(Beginning of Material provided)

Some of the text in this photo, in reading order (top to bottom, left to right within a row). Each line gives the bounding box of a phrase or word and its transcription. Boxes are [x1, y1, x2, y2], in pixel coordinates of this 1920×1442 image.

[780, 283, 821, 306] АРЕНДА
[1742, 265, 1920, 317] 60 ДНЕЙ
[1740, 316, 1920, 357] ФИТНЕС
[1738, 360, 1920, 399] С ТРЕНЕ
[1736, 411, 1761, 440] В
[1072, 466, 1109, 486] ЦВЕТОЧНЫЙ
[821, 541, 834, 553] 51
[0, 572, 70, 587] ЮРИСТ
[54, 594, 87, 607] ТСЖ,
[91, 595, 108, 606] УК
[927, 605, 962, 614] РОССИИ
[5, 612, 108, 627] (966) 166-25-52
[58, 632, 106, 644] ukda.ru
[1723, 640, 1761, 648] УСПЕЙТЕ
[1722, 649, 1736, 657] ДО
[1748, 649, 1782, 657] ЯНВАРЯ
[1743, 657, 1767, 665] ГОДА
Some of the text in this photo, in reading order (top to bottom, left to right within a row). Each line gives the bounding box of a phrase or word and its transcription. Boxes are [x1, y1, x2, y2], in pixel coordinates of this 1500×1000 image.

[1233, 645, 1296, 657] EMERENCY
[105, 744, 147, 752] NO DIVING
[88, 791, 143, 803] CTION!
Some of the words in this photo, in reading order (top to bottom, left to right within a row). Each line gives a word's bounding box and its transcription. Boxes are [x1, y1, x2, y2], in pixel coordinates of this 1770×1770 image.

(End of Material provided)

(Work order)
Copy each entry exactly, leaving every line as it is.

(Task result)
Some of the text in this photo, in reading order (top to bottom, left to right within a row). Each line gives the bounding box of a phrase or word and its transcription. Boxes are [x1, y1, x2, y2], in pixel coordinates of this 1920×1442 image.

[780, 283, 821, 306] АРЕНДА
[1742, 265, 1920, 317] 60 ДНЕЙ
[1740, 316, 1920, 357] ФИТНЕС
[1738, 360, 1920, 399] С ТРЕНЕ
[1736, 411, 1761, 440] В
[1072, 466, 1109, 486] ЦВЕТОЧНЫЙ
[821, 541, 834, 553] 51
[0, 572, 70, 587] ЮРИСТ
[54, 594, 87, 607] ТСЖ,
[91, 595, 108, 606] УК
[927, 605, 962, 614] РОССИИ
[5, 612, 108, 627] (966) 166-25-52
[58, 632, 106, 644] ukda.ru
[1723, 640, 1761, 648] УСПЕЙТЕ
[1722, 649, 1736, 657] ДО
[1748, 649, 1782, 657] ЯНВАРЯ
[1743, 657, 1767, 665] ГОДА
Some of the text in this photo, in reading order (top to bottom, left to right within a row). Each line gives the bounding box of a phrase or word and its transcription. Boxes are [x1, y1, x2, y2], in pixel coordinates of this 1500×1000 image.

[1233, 645, 1296, 657] EMERENCY
[105, 744, 147, 752] NO DIVING
[88, 791, 143, 803] CTION!
Some of the words in this photo, in reading order (top to bottom, left to right within a row). Each line gives a word's bounding box and its transcription. Boxes are [x1, y1, x2, y2], in pixel coordinates of this 1770×1770 image.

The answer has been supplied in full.